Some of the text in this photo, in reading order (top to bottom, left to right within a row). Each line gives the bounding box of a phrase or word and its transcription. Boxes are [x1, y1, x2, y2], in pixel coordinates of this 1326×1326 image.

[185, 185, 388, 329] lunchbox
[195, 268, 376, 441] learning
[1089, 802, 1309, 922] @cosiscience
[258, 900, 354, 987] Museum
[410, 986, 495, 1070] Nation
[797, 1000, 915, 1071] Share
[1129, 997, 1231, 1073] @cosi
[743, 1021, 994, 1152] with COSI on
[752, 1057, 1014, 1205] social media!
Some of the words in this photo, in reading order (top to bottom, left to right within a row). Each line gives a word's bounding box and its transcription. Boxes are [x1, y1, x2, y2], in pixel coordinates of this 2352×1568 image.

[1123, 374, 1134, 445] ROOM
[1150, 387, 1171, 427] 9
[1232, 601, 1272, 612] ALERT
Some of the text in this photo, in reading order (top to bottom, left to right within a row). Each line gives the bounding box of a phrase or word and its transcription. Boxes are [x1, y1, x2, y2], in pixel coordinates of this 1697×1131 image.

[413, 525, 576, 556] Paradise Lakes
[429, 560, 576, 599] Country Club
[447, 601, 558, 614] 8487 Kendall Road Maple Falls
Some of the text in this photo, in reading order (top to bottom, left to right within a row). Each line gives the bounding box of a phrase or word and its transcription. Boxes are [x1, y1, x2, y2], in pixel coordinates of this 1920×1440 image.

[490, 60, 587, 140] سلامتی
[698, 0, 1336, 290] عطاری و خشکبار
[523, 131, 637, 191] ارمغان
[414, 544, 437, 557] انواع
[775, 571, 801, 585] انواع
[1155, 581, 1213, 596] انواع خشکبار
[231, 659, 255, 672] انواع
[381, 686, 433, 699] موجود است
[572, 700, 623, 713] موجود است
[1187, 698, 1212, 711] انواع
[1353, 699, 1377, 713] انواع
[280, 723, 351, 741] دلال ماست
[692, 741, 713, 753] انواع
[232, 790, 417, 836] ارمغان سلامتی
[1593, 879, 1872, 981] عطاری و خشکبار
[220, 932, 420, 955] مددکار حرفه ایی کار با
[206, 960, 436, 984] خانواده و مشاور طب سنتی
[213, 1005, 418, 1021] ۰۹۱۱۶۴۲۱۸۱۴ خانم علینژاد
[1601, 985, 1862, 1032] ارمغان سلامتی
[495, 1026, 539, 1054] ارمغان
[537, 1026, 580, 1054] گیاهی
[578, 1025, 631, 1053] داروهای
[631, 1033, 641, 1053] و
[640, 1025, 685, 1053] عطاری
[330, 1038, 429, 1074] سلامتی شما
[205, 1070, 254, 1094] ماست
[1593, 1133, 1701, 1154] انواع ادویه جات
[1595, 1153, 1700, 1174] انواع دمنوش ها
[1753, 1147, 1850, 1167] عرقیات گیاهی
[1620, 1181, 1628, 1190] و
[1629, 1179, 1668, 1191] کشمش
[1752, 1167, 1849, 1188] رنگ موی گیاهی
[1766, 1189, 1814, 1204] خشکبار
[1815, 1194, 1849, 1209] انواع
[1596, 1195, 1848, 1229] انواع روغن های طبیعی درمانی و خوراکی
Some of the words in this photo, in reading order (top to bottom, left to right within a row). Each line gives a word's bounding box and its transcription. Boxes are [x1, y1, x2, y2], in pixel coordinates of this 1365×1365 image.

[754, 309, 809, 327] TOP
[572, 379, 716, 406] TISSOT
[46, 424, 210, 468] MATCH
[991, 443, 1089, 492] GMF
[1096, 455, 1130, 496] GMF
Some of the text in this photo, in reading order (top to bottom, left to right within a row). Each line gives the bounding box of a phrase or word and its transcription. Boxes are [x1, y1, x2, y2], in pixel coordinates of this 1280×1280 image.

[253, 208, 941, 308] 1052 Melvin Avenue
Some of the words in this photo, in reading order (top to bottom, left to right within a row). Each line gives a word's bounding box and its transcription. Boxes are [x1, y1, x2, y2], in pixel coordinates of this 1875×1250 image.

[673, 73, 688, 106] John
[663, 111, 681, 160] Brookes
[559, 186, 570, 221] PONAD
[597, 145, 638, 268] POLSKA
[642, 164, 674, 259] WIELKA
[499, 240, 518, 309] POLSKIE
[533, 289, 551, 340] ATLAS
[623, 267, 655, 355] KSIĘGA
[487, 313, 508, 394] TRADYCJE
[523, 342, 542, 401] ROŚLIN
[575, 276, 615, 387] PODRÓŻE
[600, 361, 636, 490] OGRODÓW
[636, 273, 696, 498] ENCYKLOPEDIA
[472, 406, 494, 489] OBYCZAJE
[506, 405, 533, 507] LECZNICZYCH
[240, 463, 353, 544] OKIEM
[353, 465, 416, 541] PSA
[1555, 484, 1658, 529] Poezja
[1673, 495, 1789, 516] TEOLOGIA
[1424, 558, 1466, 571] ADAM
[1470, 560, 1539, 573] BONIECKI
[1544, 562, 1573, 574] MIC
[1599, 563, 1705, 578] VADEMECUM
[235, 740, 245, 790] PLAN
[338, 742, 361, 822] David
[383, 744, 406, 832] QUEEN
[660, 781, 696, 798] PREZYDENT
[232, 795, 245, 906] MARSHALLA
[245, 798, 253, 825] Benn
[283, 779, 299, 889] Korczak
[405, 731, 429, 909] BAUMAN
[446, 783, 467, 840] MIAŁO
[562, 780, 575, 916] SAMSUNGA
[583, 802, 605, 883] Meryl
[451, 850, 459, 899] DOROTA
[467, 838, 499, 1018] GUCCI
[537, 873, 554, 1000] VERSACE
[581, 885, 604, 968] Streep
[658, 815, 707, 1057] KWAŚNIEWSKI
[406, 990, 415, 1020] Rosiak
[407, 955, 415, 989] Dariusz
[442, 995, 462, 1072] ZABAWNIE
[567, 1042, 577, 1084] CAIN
------------------------------------------------------------
# AIM OF THE EXERCISE
Everything from the line containing "this 1280×1280 image." to the last line of the material above must be copied exactly, and only that.

# EXERCISE SOLUTION
Some of the text in this photo, in reading order (top to bottom, left to right within a row). Each line gives the bounding box of a phrase or word and its transcription. Boxes are [x1, y1, x2, y2], in pixel coordinates of this 1280×1280 image.

[253, 208, 941, 308] 1052 Melvin Avenue
Some of the words in this photo, in reading order (top to bottom, left to right within a row). Each line gives a word's bounding box and its transcription. Boxes are [x1, y1, x2, y2], in pixel coordinates of this 1875×1250 image.

[673, 73, 688, 106] John
[663, 111, 681, 160] Brookes
[559, 186, 570, 221] PONAD
[597, 145, 638, 268] POLSKA
[642, 164, 674, 259] WIELKA
[499, 240, 518, 309] POLSKIE
[533, 289, 551, 340] ATLAS
[623, 267, 655, 355] KSIĘGA
[487, 313, 508, 394] TRADYCJE
[523, 342, 542, 401] ROŚLIN
[575, 276, 615, 387] PODRÓŻE
[600, 361, 636, 490] OGRODÓW
[636, 273, 696, 498] ENCYKLOPEDIA
[472, 406, 494, 489] OBYCZAJE
[506, 405, 533, 507] LECZNICZYCH
[240, 463, 353, 544] OKIEM
[353, 465, 416, 541] PSA
[1555, 484, 1658, 529] Poezja
[1673, 495, 1789, 516] TEOLOGIA
[1424, 558, 1466, 571] ADAM
[1470, 560, 1539, 573] BONIECKI
[1544, 562, 1573, 574] MIC
[1599, 563, 1705, 578] VADEMECUM
[235, 740, 245, 790] PLAN
[338, 742, 361, 822] David
[383, 744, 406, 832] QUEEN
[660, 781, 696, 798] PREZYDENT
[232, 795, 245, 906] MARSHALLA
[245, 798, 253, 825] Benn
[283, 779, 299, 889] Korczak
[405, 731, 429, 909] BAUMAN
[446, 783, 467, 840] MIAŁO
[562, 780, 575, 916] SAMSUNGA
[583, 802, 605, 883] Meryl
[451, 850, 459, 899] DOROTA
[467, 838, 499, 1018] GUCCI
[537, 873, 554, 1000] VERSACE
[581, 885, 604, 968] Streep
[658, 815, 707, 1057] KWAŚNIEWSKI
[406, 990, 415, 1020] Rosiak
[407, 955, 415, 989] Dariusz
[442, 995, 462, 1072] ZABAWNIE
[567, 1042, 577, 1084] CAIN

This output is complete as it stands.